TASK TO COMPLETE
Write out all of the entries that follow, word for word, but skip the pictures.

SUPPLIED DATA
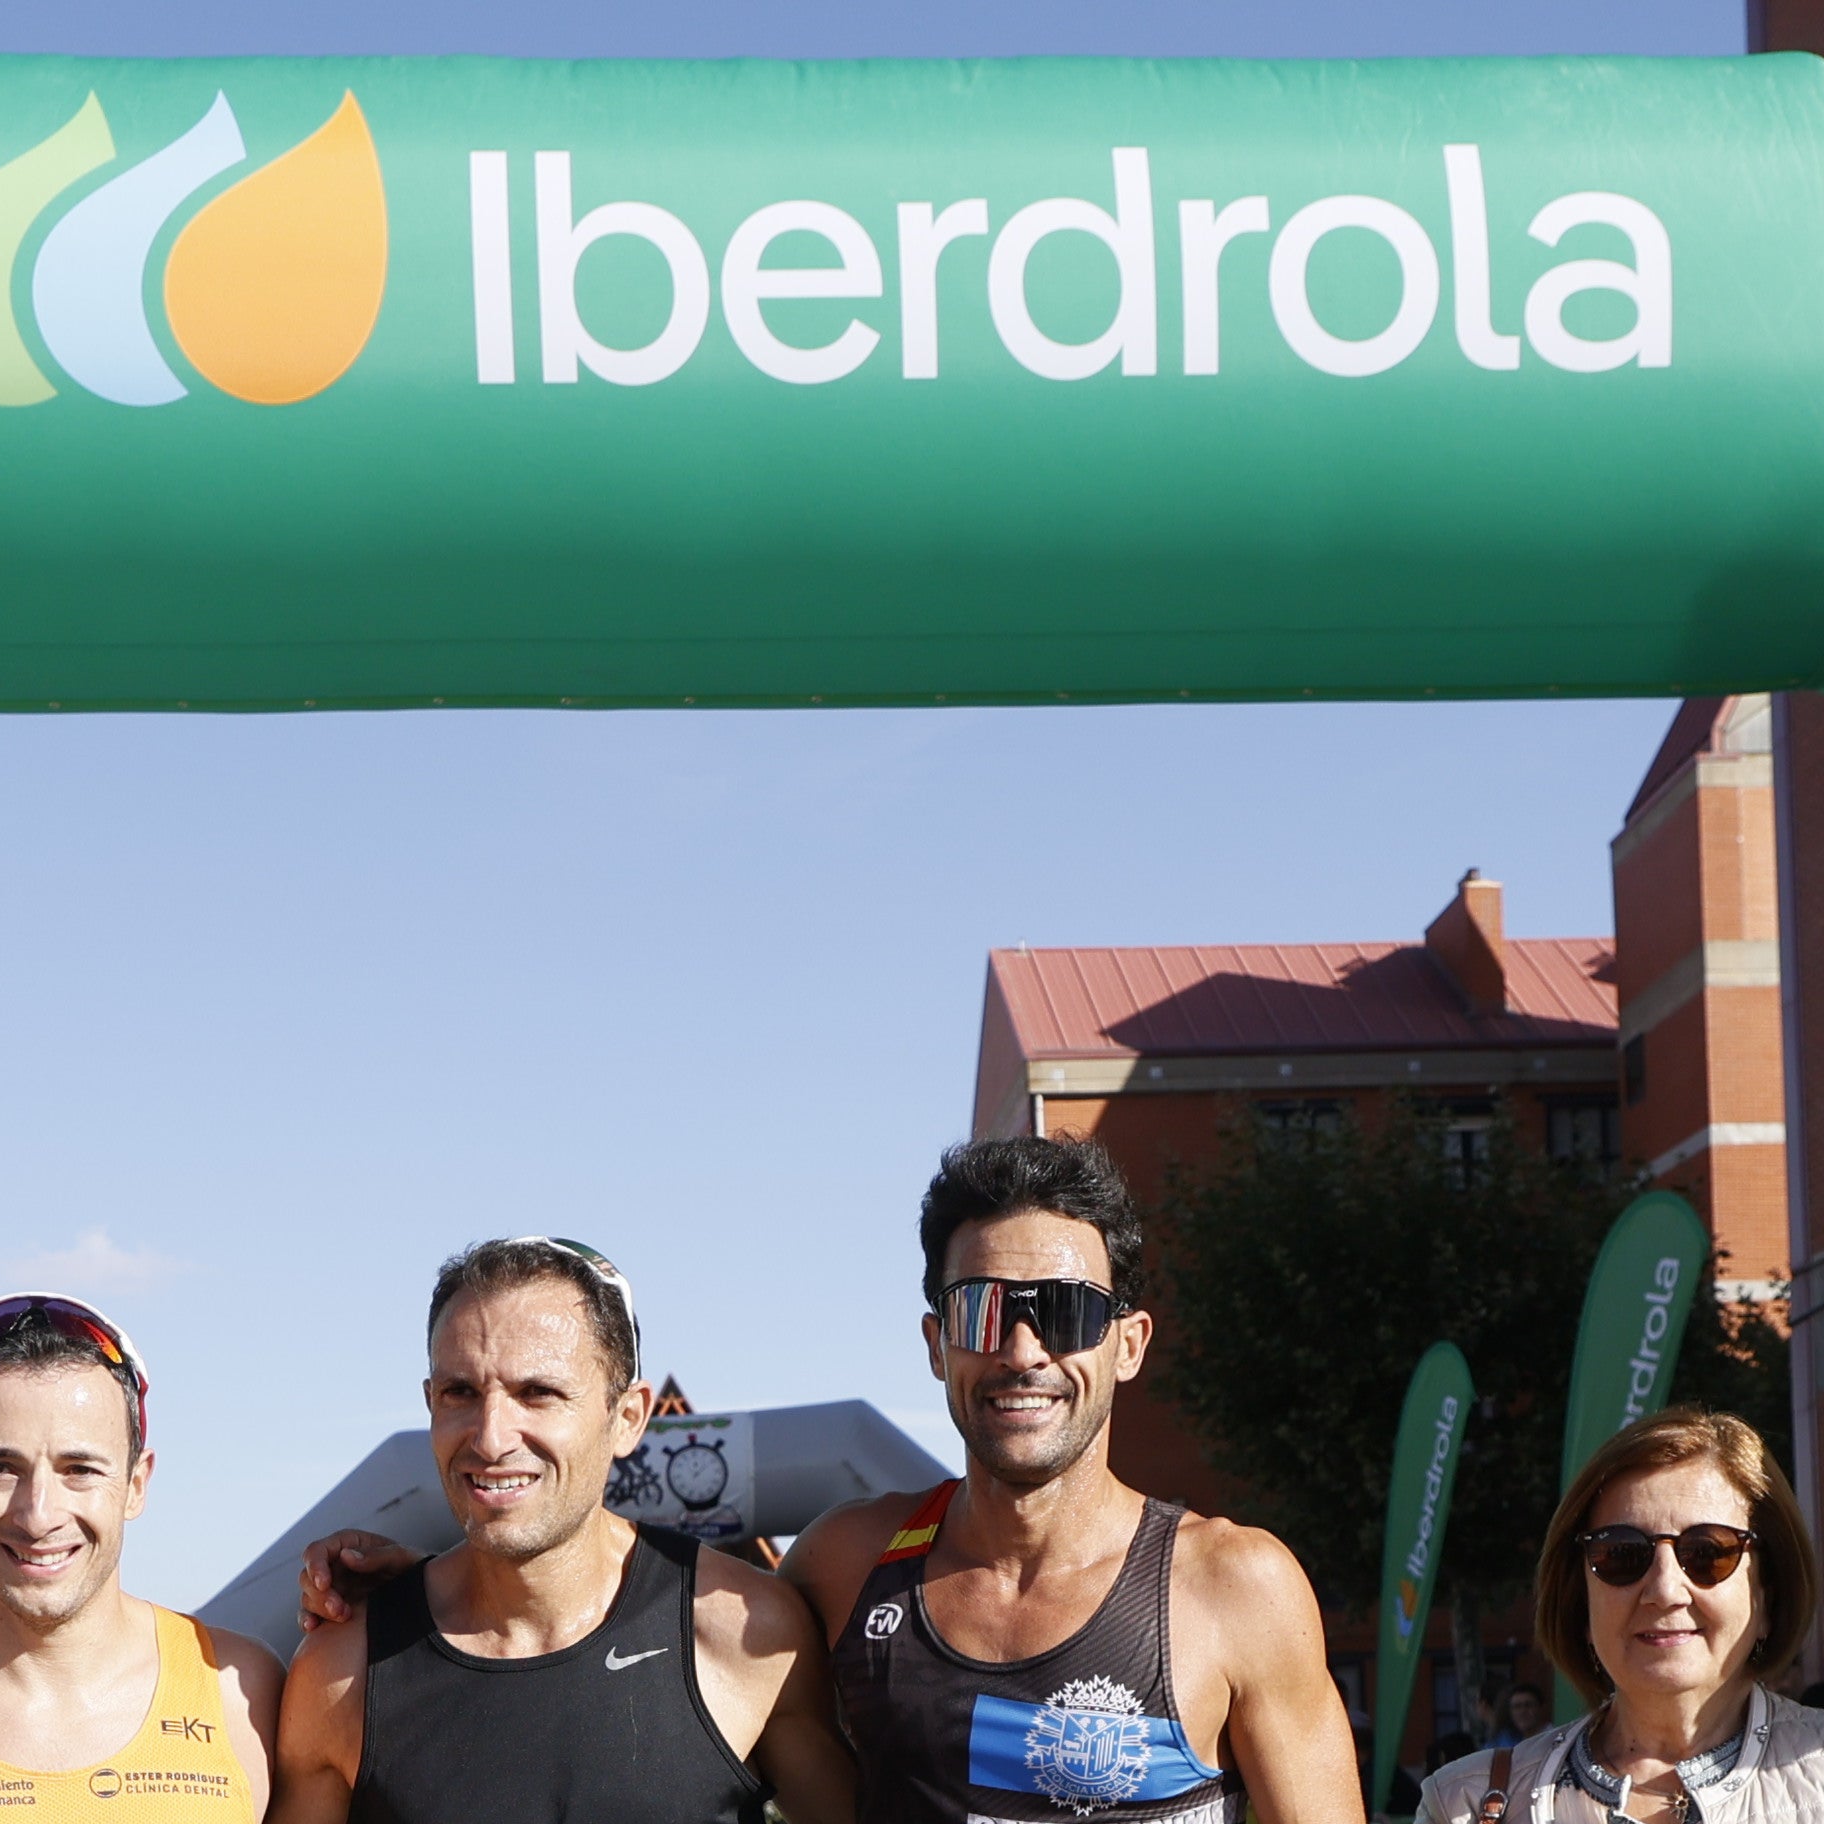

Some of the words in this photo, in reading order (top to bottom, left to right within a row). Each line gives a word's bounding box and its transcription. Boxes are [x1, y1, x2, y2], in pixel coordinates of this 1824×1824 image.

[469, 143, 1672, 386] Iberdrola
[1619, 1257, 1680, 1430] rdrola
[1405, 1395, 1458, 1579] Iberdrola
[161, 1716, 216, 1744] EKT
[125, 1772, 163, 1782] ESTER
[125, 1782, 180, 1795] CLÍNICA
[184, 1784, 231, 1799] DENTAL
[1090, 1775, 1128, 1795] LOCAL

EXERCISE RESULT
Some of the words in this photo, in reading order (top to bottom, left to right within a row). Each line gives a word's bounding box and its transcription. Boxes are [x1, y1, x2, y2], in pixel coordinates of this 1824×1824 image.

[469, 143, 1672, 386] Iberdrola
[1619, 1257, 1680, 1430] rdrola
[1405, 1395, 1458, 1579] Iberdrola
[161, 1716, 216, 1744] EKT
[125, 1772, 163, 1782] ESTER
[125, 1782, 180, 1795] CLÍNICA
[184, 1784, 231, 1799] DENTAL
[1090, 1775, 1128, 1795] LOCAL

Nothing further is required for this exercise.